Not nitrogen burn. Lack of nitrogen. You need to understand that even though you put in a lot of manure, you have yet added no nutrients (except perhaps what little bit was in the topsoil). Because the nutrients are there in the manure, does not mean they are available to the plants. That only happens as the manure gradually breaks down over time:

Nutrient Release Rates from Compost and Manure

Gardeners need to understand that the nutrient release from compost and manure is slow, taking years. Adding compost or manure to improve soil tilth is not the same as fertilizing.

The typical nitrogen release rates from manure is only 30 to 50% the first year (fresh manure), 15 to 25% the second year, 7 to 12% the third year, 3 to 6% the fourth year, and so on.

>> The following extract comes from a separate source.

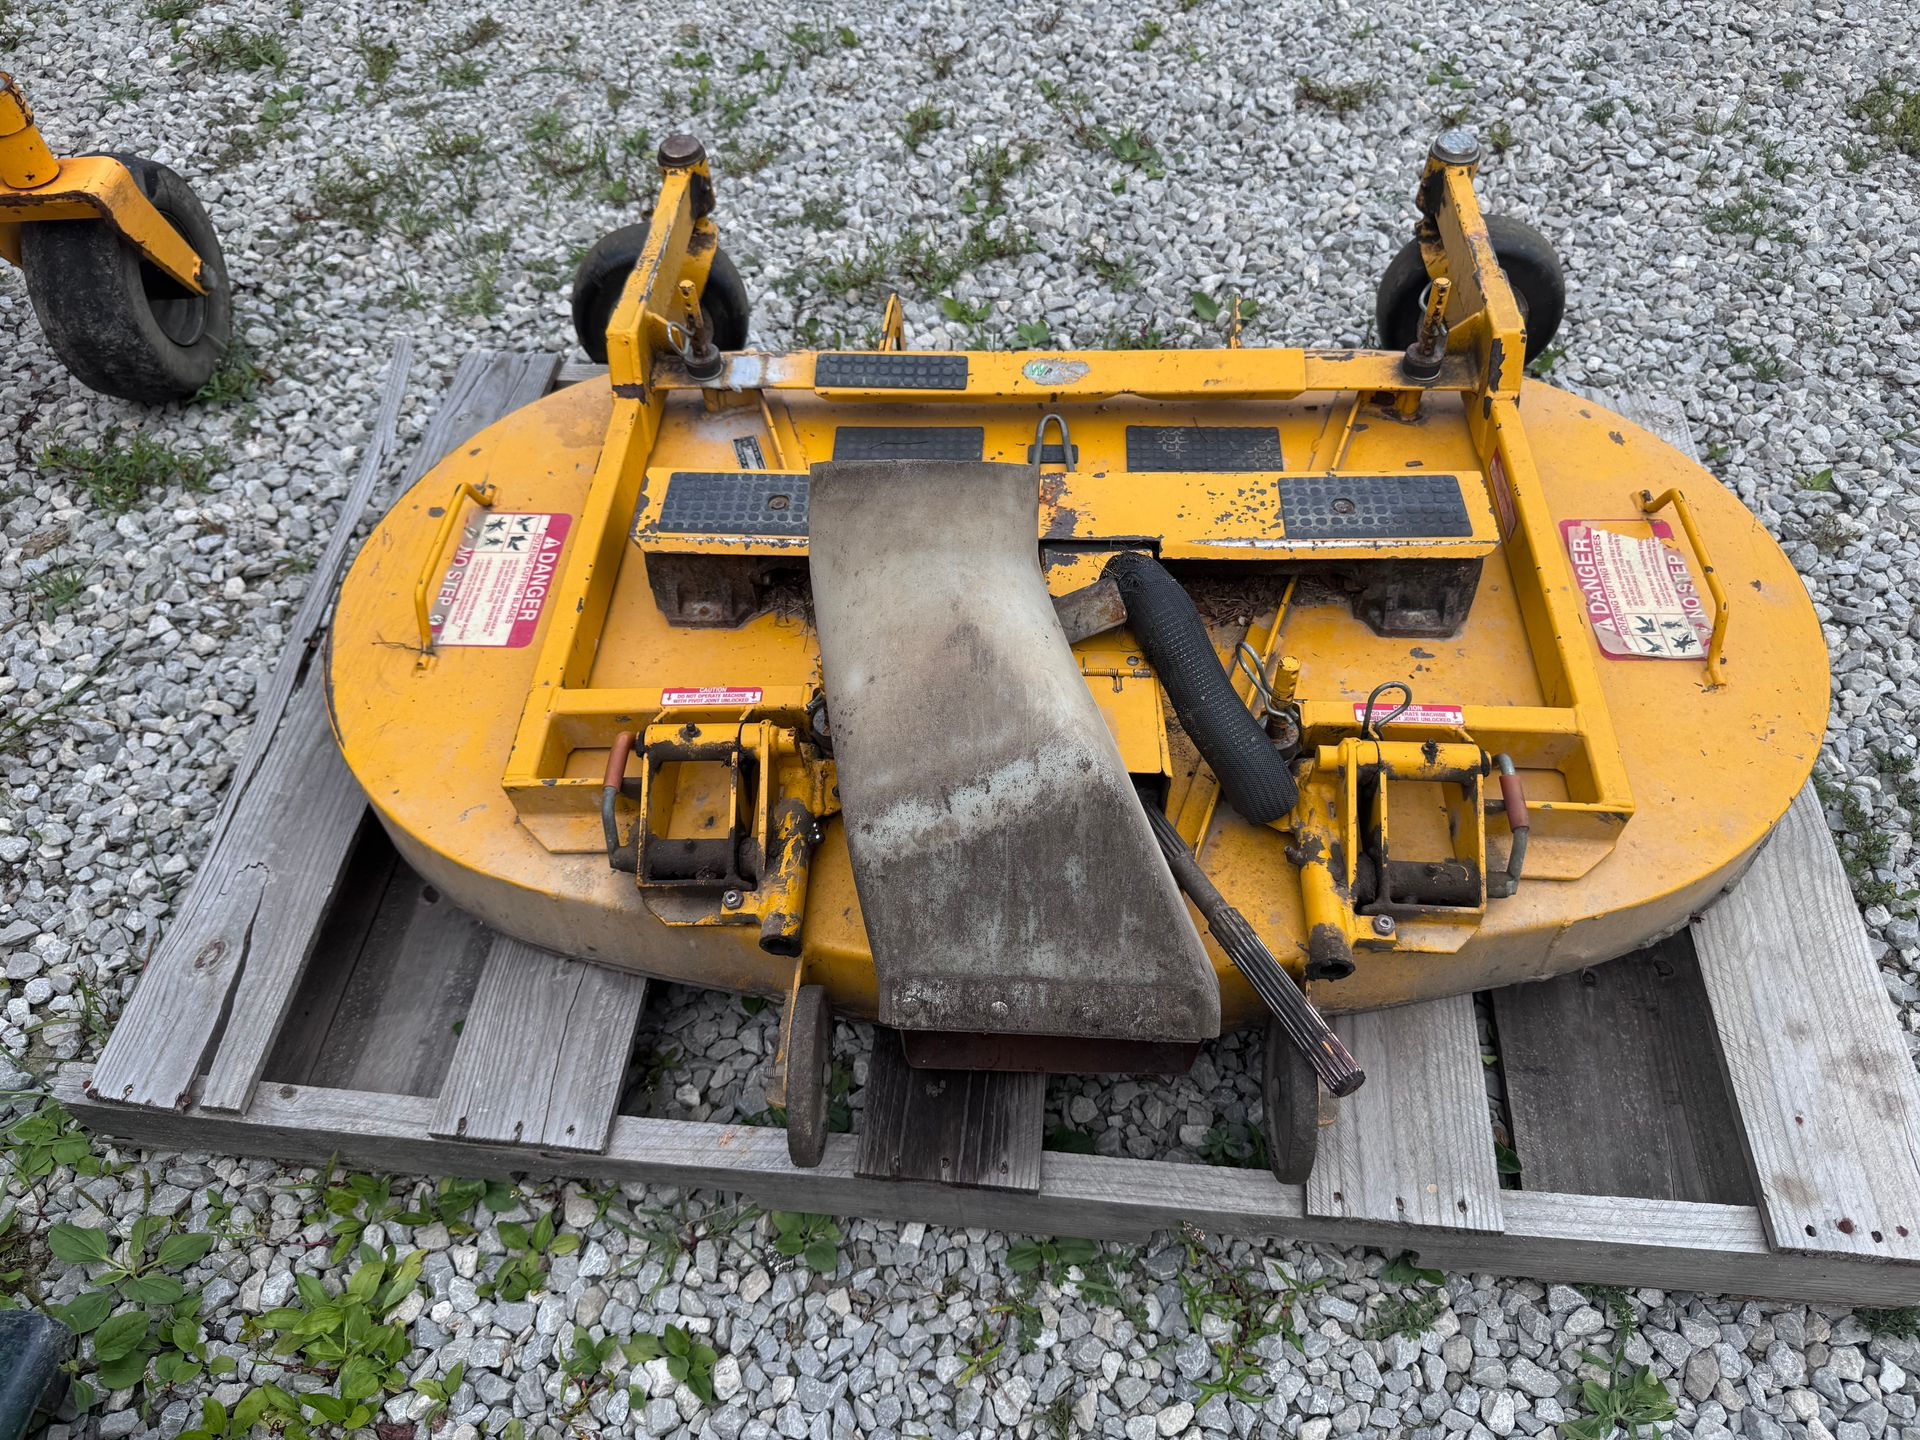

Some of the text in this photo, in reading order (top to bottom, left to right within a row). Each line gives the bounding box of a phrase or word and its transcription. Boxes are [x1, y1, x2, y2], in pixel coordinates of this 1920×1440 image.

With compost and composted manure, the release rate is even slower, 5 to 25% the first year, 3 to 12% the second year and 1 to 6% the third year.

Since the nitrogen percentage of compost and manure products is typically only 2 to 4%, the amount of actual nitrogen release to support crop growth is very small.
##For soil with 4 to 5% organic matter, the mineralization (release) of nitrogen from soil organic matter will likely be sufficient for crop growth.

##For soils with 2 to 3% organic matter, the mineralization of nitrogen from soil organic matter will not likely be sufficient for heavy feeding vegetable crops. Supplement with 0.1 pound nitrogen fertilizer per 100 square feet.

##For the typical garden soil with 1% organic matter or less, the mineralization of nitrogen for soil organic matter will be minimal. Add 0.2 pounds of nitrogen fertilizer per 100 square feet.
https://www.ext.colostate.edu/mg/Gardennotes/711.html

Over time (years) as you keep adding compost and organic material to your soil, you will have lovely soft black enriched soil with lots of earthworms, that things will grow beautifully in. In the meantime while you keep adding more organics every couple months to work towards that long term goal, you need to be supporting the plants you have with some kind of quick release nutrients.

So you need some kind of good liquid fertilizer, fish emulsion, kelp products, etc to provide some nutrients now, while waiting for the manure to break down.

The water being pH 7.7 could be a problem too. That's pretty alkaline and most veggies like their soil slightly acid. Too much alkalinity can lock up nutrients so they are not available to the plants. Do you have a water softener system? That is one reason people end up with alkaline water. You might benefit from a rain barrel or other rain collection system, to have some less alkaline water for your garden.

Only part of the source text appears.